Good points - I think Parker on points but it is going to be hard. I think Takam is also motivated for this one.


----------



## dyna (Jun 4, 2013)

Parker looks good, not in the slighest "bulked up" so I hope he starts relying more on speed and skills to outbox opponents instead of trying to be a Foreman type KO monster.

Takam is pretty light for his doing so maybe he'll start in boxing mode like he did against Povetkin. Maybe this time with more success since he's 10 lbs lighter now.


----------



## Floyd_g.o.a.t (Jun 11, 2013)

Massive test for Paker today. I really want to see his chin get tested because I feel he has an iron one.

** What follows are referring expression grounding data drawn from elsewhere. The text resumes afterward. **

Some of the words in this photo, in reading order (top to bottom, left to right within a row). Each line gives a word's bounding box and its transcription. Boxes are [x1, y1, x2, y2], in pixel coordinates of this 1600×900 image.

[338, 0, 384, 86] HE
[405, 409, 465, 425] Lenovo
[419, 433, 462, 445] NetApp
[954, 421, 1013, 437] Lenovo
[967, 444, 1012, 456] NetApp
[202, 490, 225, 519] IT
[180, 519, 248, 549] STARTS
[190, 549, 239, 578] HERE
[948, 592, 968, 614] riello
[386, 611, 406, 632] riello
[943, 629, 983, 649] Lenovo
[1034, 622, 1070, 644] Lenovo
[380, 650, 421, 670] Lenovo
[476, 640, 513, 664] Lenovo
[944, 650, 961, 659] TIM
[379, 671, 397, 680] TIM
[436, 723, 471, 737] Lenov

All the best Joseph, behind you all the way.


----------



## Super_Fly_Sam (May 22, 2013)

Anyone happen to have a stream???


----------



## ThatBoxingGuy2022 (Aug 28, 2014)

Super_Fly_Sam said:


> Anyone happen to have a stream???


vipbox.tv


----------



## sosolid4u09 (Jan 28, 2013)

when is this starting?


----------



## Mexi-Box (Jun 4, 2013)

Damn, Takam looks way smaller than he did against Povetkin. I might have to change my prediction to Takam UD. Man, Parker is taking an enormous step up. Eh, I really don't know what to do here.


----------



## Super_Fly_Sam (May 22, 2013)

A.C.S said:


> vipbox.tv


Thank you sir!


----------



## Strike (Jun 4, 2012)

Poor performance from Takam...very very inactive and threw rounds away doing nothing. Parker's previously strong looking stamina was gone once he was not walking through people and he looked gassed at several points but got to compose himself due to the lack of output from Takam.

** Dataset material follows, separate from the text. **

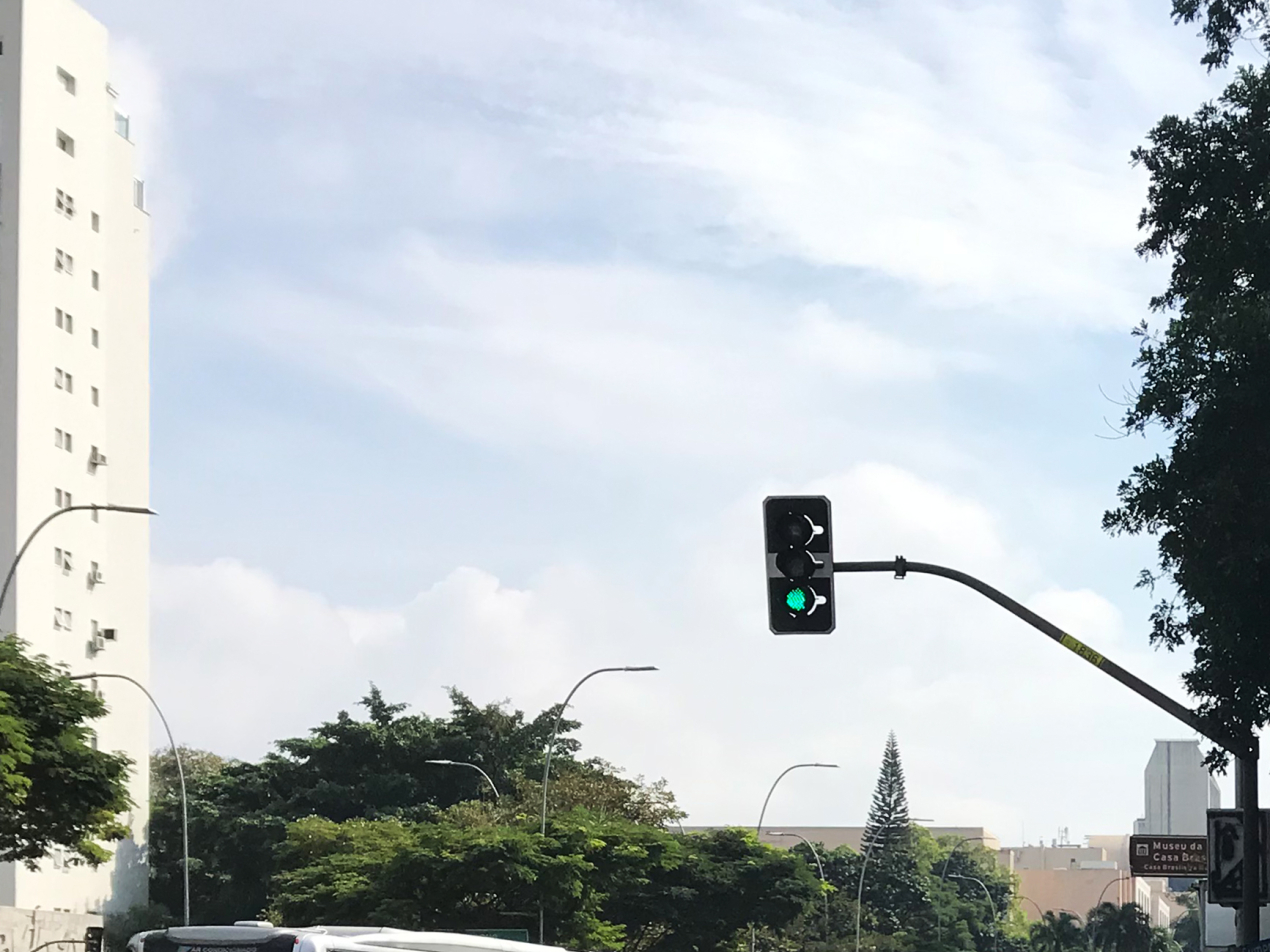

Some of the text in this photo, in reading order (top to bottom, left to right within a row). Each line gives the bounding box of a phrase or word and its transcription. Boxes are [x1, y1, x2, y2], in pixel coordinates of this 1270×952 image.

[1153, 842, 1203, 850] Museu da
[1153, 852, 1179, 861] Casa

Comfortable UD for Parker and he showed some grit when he was tired and took a few decent shots but nothing here to really impress anyone much.


----------



## knowimuch (May 9, 2014)

Strike said:


> Poor performance from Takam...very very inactive and threw rounds away doing nothing. Parker's previously strong looking stamina was gone once he was not walking through people and he looked gassed at several points but got to compose himself due to the lack of output from Takam.
> 
> Comfortable UD for Parker and he showed some grit when he was tired and took a few decent shots *but nothing here to really impress *anyone much.


I have to still watch the fight but he UD a pretty solid guy and it was a huge step-up in competition. Certainly better than what Joshua has been facing lately


----------



## TFKING (May 18, 2016)

This fight answered some question for sure.

Will Parker be the next big thing? No

Is Parker a overhyped pretender? No

I was impressed with Parker's hand speed and combinations, his defense needs some work and he also needs to be much more effective with his jab. Parker showed that he has a good chin which is important and his stamina was OK also.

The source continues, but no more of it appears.